In summary, the different 5′UTR ends have variable expression levels from tissue to tissue. The tissues that are most similar regarding the isoform expression, both in terms of abundance and expression pattern, are kidney, colon and testis. The mRNA variants 3,2, the alternative variant 4 and variant 7 appear to be the most abundant in these 3 sites.
Real-Time PCR quantification of the CLCN5mRNA species in the human kidney
Finally, the levels of all 5′UTR isoforms we identified were quantified in human kidney tissue using Real Time PCR. The isoforms have very different expression levels: the mRNA variant 3, which was used as a calibrator to calculate the relative abundance of other isoforms, is the most abundant; all the mRNA variants containing exon IIa (variant 2, 8 and 10) and variant 7 have slightly lower levels (Figure 5).
In general, the results of Real-Time experiments were in agreement with those observed by RACE analysis. In fact out of 172 cloned 5′ RACE fragments, 77 (45%) contained type 3 mRNA species, 46 (27%) contained type 7, 34 (20%) were type 2, and 6 (3.5%) were alternative type 4.
Our results show that the human CLCN5 gene comprises at least 20 exons, eight of them being in the 5′UTR region, with transcription initiating from at least three different start sites. As a result of 5′ alternative splicing in some exons, 11 different mRNAs are generated. Our findings highlight the structural complexity of the CLCN5 5′UTR region in renal and extrarenal tissues, and suggest that this region is likely involved in ClC-5 expression and Dent disease pathogenesis. Although some authors [5, 8] have tested the promoter region in their patients without detecting variants, the deeper characterization obtained by our study should allow to explore regions of the gene never analyzed before for searching possible rare variants that may act as disease-causing mutations or modifier alleles.
To further characterize the functional organization of the gene, the 5′-flanking region of exons 1a, 1b1 and I were analyzed for possible promoter regions and transcription factor binding sites. ENCODE project data, aimed to delineate all of the functional elements encoded in the human genome sequence including the mapping of histone modifications, the transcription factor (TF) binding sites by chromatin immunoprecipitation (ChIP), and the transcriptional regulatory regions, were used. Thus the Transcription track, the Overlayed H3K4Me1 and Overlayed H3K27Ac tracks, the DNase Clusters, and the Txn Factor ChIP tracks were considered. These tracks complement each other and together can shed much light on regulatory DNA .

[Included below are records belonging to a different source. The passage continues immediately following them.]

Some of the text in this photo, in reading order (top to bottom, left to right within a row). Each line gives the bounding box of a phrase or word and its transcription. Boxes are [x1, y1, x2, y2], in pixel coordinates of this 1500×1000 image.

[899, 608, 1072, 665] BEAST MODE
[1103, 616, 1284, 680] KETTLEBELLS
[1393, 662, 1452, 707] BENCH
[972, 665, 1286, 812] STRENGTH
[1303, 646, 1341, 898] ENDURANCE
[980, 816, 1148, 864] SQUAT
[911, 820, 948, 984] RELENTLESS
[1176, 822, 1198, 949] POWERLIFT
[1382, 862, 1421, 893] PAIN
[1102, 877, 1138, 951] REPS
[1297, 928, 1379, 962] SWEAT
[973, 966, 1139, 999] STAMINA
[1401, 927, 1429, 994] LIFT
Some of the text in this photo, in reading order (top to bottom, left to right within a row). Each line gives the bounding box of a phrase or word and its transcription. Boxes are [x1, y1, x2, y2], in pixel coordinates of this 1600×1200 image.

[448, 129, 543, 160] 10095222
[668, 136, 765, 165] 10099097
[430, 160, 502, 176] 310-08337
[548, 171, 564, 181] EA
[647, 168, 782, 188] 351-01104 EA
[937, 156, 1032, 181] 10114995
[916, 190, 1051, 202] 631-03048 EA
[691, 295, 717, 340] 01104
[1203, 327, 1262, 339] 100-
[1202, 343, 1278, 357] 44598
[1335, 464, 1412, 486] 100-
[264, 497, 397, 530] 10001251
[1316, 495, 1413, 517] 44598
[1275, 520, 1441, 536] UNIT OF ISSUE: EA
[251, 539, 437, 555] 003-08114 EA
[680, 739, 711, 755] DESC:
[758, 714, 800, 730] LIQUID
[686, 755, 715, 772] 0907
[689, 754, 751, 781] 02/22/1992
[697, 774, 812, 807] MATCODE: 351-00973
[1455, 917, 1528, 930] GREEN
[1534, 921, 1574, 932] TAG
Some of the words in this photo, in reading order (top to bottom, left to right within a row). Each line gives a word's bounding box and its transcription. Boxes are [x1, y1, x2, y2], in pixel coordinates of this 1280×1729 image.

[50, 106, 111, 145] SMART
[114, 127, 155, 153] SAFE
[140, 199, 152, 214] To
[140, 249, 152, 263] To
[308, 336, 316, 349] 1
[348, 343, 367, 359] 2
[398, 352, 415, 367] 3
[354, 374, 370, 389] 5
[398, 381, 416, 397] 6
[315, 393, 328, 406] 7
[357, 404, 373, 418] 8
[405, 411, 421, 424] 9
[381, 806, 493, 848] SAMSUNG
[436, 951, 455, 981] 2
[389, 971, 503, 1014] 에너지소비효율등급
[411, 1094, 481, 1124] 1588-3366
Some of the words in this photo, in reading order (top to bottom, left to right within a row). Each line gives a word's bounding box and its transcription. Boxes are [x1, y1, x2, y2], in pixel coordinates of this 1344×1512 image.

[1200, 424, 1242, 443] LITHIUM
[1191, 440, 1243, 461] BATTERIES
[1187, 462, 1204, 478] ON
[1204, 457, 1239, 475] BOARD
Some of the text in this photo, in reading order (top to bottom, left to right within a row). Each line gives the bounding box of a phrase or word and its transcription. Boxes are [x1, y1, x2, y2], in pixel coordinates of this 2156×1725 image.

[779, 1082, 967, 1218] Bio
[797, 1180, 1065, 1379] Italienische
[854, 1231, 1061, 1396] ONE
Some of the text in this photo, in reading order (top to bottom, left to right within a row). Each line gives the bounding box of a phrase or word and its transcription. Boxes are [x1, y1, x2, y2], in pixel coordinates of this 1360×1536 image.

The results suggest that 3 functional promoters are present in the CLCN5 gene of different strength, originating all isoforms with varying efficiency. Strong promoters are present upstream of exon 1a and exon I, and indeed variant 3 and variants 1 and 2 are the mRNA species most expressed in the kidney (Figure 5). Both promoters lack characteristic features of eukaryotic promoters, but instead contain consensus binding sites for transcription factors. GATA1 and GATA2 factor binding sites and consensus binding sites for different transcription factors including E2F1 (transcription factor 1), ZNF263 (zinc finger protein 263), Nrf1 (nuclear respiratory factor 1), HMGN3 (high mobility group nucleosomal binding domain 3), USF1 (upstream transcription factor 1) and Ini1 (RING finger-like protein Ini1) are present for mRNA variants 1 and 2. For mRNA variant 3 the identified binding sites for the transcription factors are USF1, USF2 (upstream transcription factor 2, c-fos interacting), KAP1 (kinesin-ii-associated protein), and CTCF (CCCTC-binding factor). All these transcription factors were identified in a kidney cell line (HEK293). A weaker promoter appears to control the expression of mRNA variant 4, alternative variant 4 and variants 6 and 7. This promoter contains consensus binding sites for some transcription factors such as FOXA2 (forkhead box A2) and SETDB1 (SET domain, bifurcated 1). For all promoters the specific region containing the transcription factor binding sites overlap with a region that is DNaseI sensitive. At the functional level, DNase hypersensitivity suggests that a region is very likely to be regulatory in nature, and promoters are particularly DNase sensitive.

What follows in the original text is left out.